Quel rôle pour la médecine alternative dans la société moderne ?

médecine alternative

En règle générale, la médecine alternative se distingue de la médecine traditionnelle en ce sens que la médecine alternative est plus ancienne et qu’elle est ce que l’on pourrait appeler une médecine non conventionnelle ou non occidentale. La médecine alternative ne suit pas la science et la recherche traditionnelles que subissent les médecines actuelles. La médecine alternative pourrait également être appelée médecine complémentaire ou traditionnelle ou encore les thérapies qui peuvent être intégrées à la médecine actuelle. Le personnel de la Bibliothèque nationale de médecine des États-Unis a classé la médecine alternative sous la catégorie des thérapies complémentaires dans sa section « Medical Subjects Heading ». Cela a été fait en 2002. La définition fournie était que les pratiques thérapeutiques de la médecine alternative n’étaient pas considérées comme faisant partie intégrante de la médecine allopathique traditionnelle. Les thérapies comme l’acupuncture, les régimes alimentaires, la thérapie physique comme les exercices ou le yoga, etc. sont qualifiées de médecine alternative. Ces thérapies sont appelées complémentaires lorsqu’elles sont utilisées en même temps que les traitements conventionnels. Si elles se substituent aux traitements conventionnels, elles sont dites alternatives. (www.vivreplus.fr)
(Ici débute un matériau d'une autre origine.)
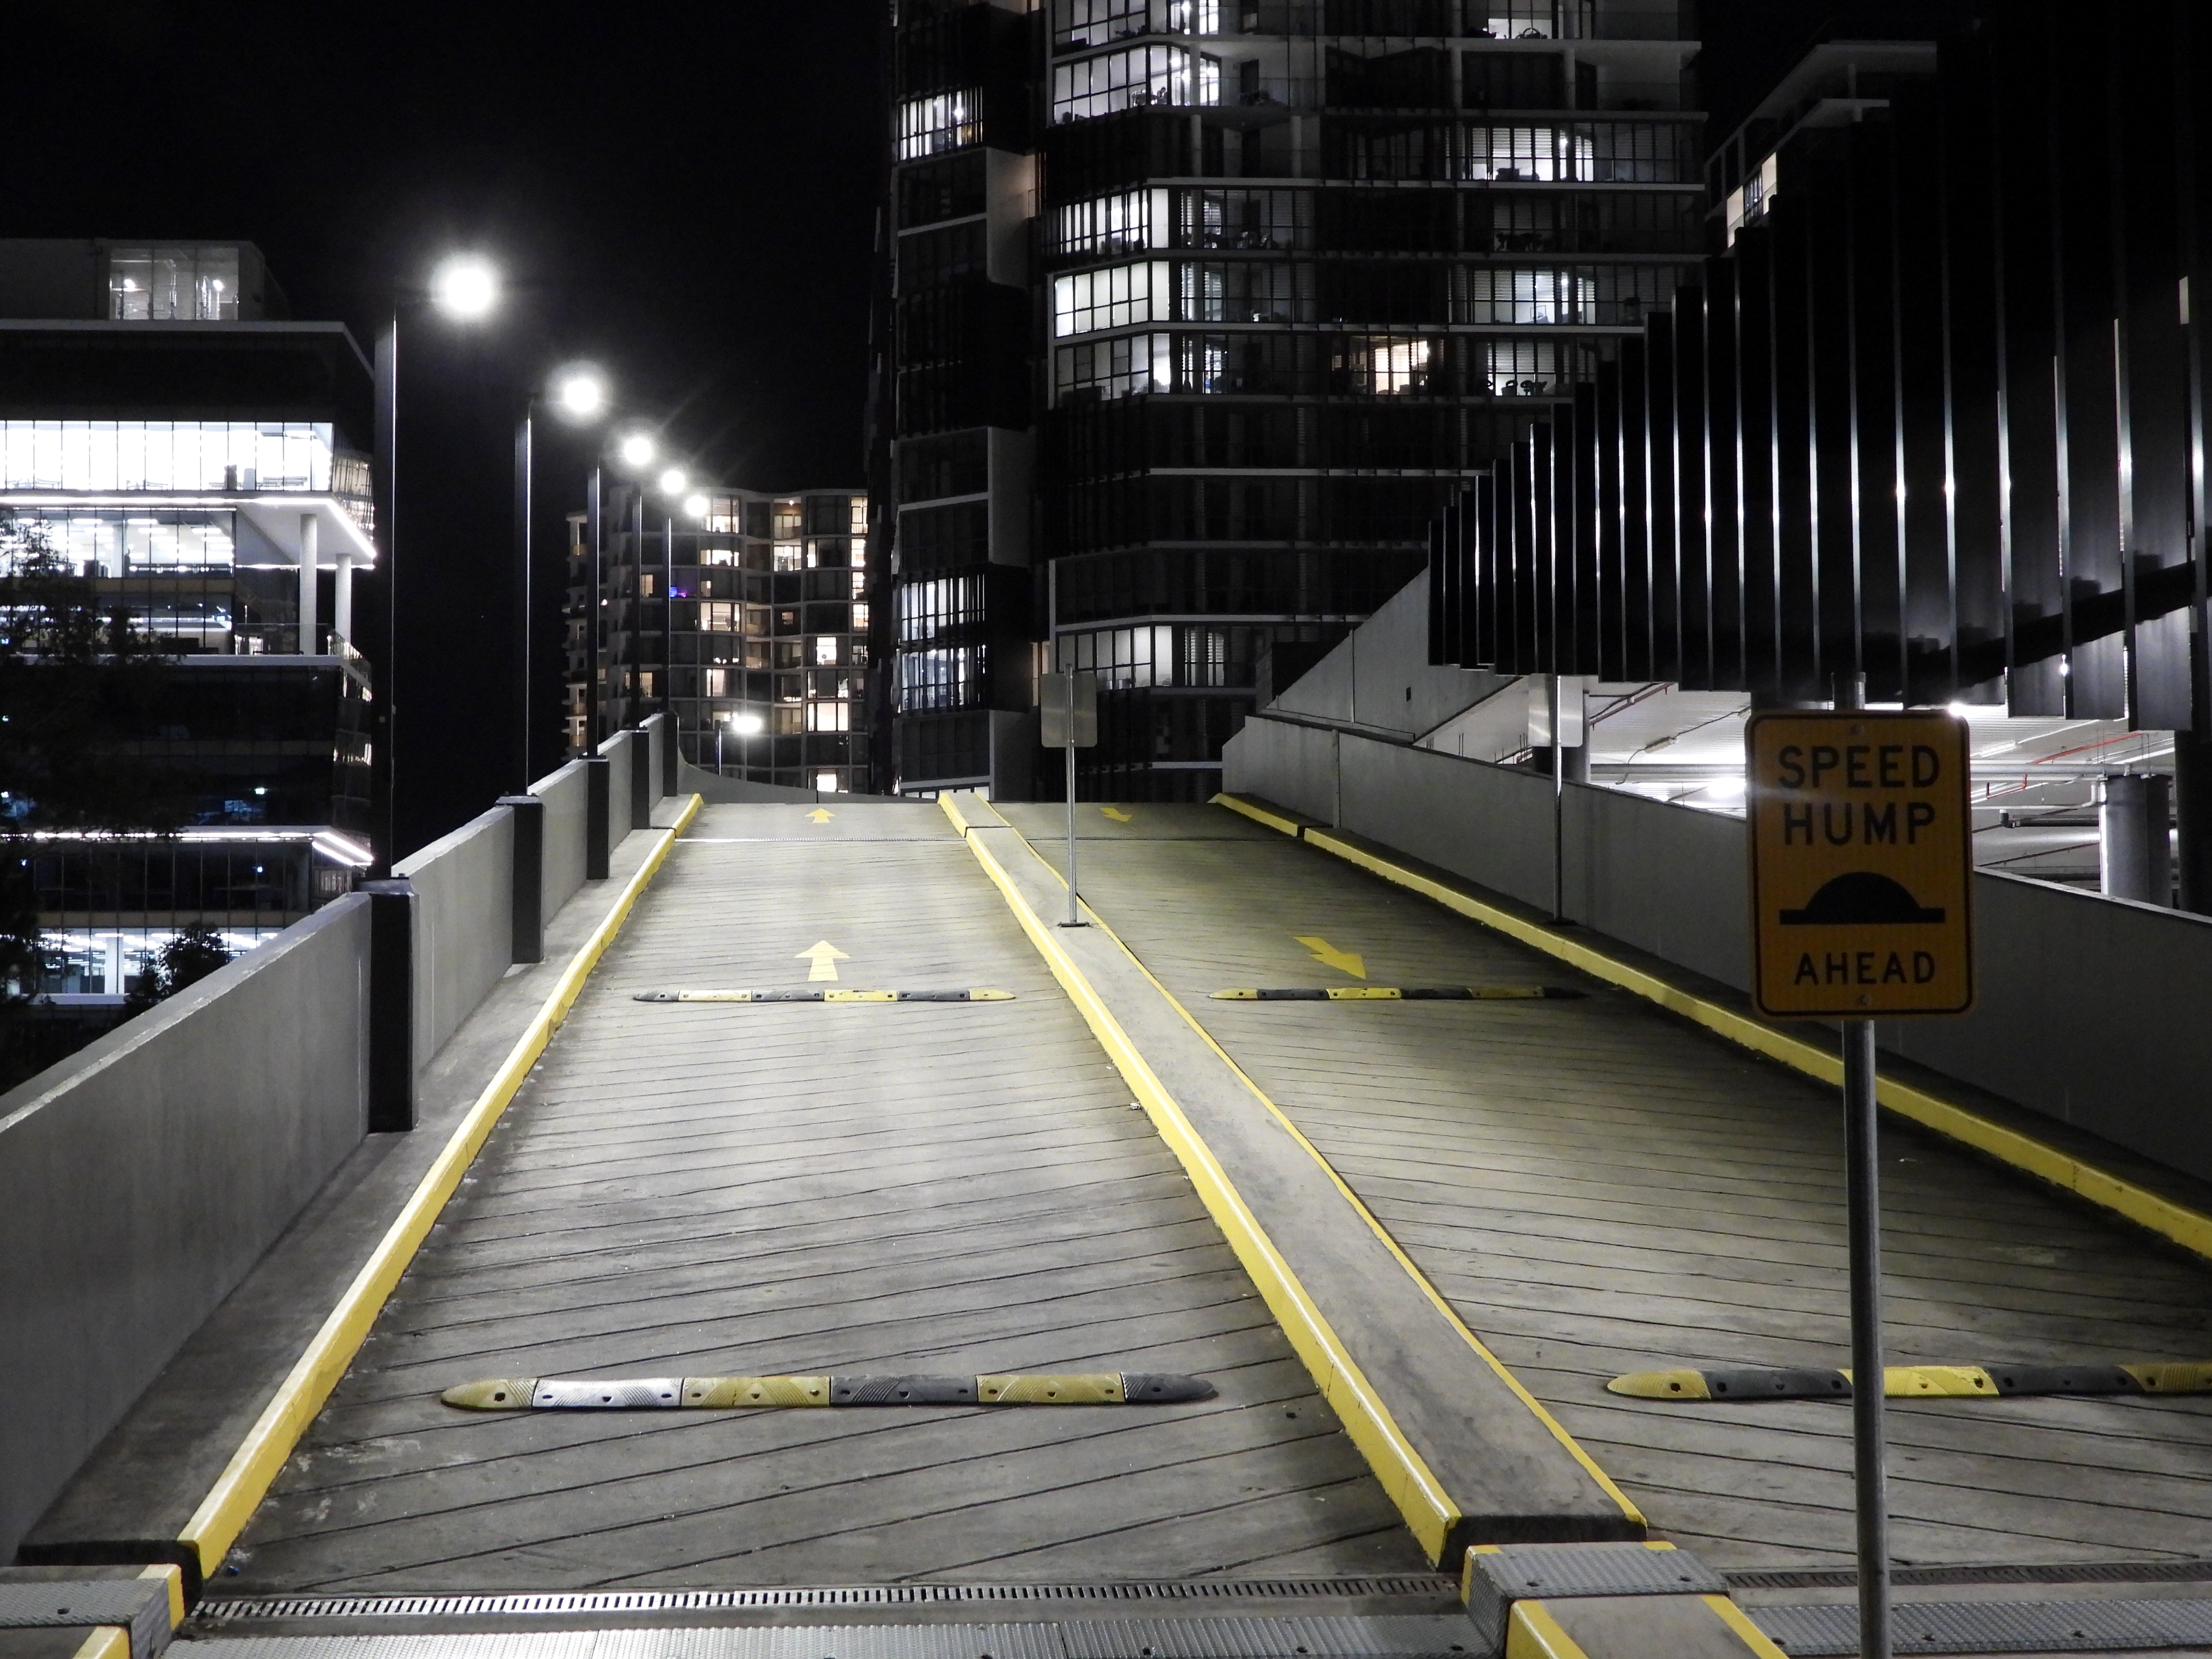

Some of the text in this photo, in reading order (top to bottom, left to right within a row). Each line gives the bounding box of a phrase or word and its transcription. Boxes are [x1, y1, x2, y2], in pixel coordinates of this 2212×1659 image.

[1778, 745, 1940, 789] SPEED
[1784, 802, 1935, 845] HUMP
[1794, 951, 1935, 986] AHEAD
En avril 1995, le panel des National Institutes of Health, Bethesda, Maryland, a travaillé sur la définition et la description, la conférence sur la méthodologie de recherche de la CAM, l’Office of Alternative Medicine. Le panel a défini la médecine alternative et la médecine complémentaire comme les ressources de guérison qui englobent tous les systèmes et pratiques de santé qui sont différents du système de santé dominant d’une société ou d’une culture particulière. Habituellement, les thérapies comme l’ayurvéda, la phytothérapie, la médecine populaire, l’homéopathie, l’acupuncture, la naturopathie, les pratiques diététiques, la chiropractie, la musicothérapie, les massages, la guérison pranique, etc. sont classées comme des médecines alternatives ou complémentaires. Les personnes qui ne trouvent pas de cure, de remède ou de succès dans la médecine allopathique essaient généralement la médecine alternative. Ces personnes souffrent généralement de cancer, d’arthrite, du syndrome d’immunodéficience acquise (SIDA), de douleurs dorsales chroniques, etc. Les thérapies relevant de la médecine alternative cessent d’être incluses dans cette catégorie une fois que leur efficacité est prouvée et qu’elles sont considérées comme sûres et efficaces. Elles sont alors considérées comme faisant partie de la médecine traditionnelle. Les chiropraticiens en sont un exemple. Il y a vingt ans, les assurances ne les remboursaient pas car ils étaient considérés comme « alternatifs et inefficaces ». Aujourd’hui, des milliers de personnes ont été aidées par des chiropraticiens et ils sont maintenant reconnus dans la communauté médicale. Un mouvement similaire est en cours dans l’industrie des compléments alimentaires et des nutraceutiques.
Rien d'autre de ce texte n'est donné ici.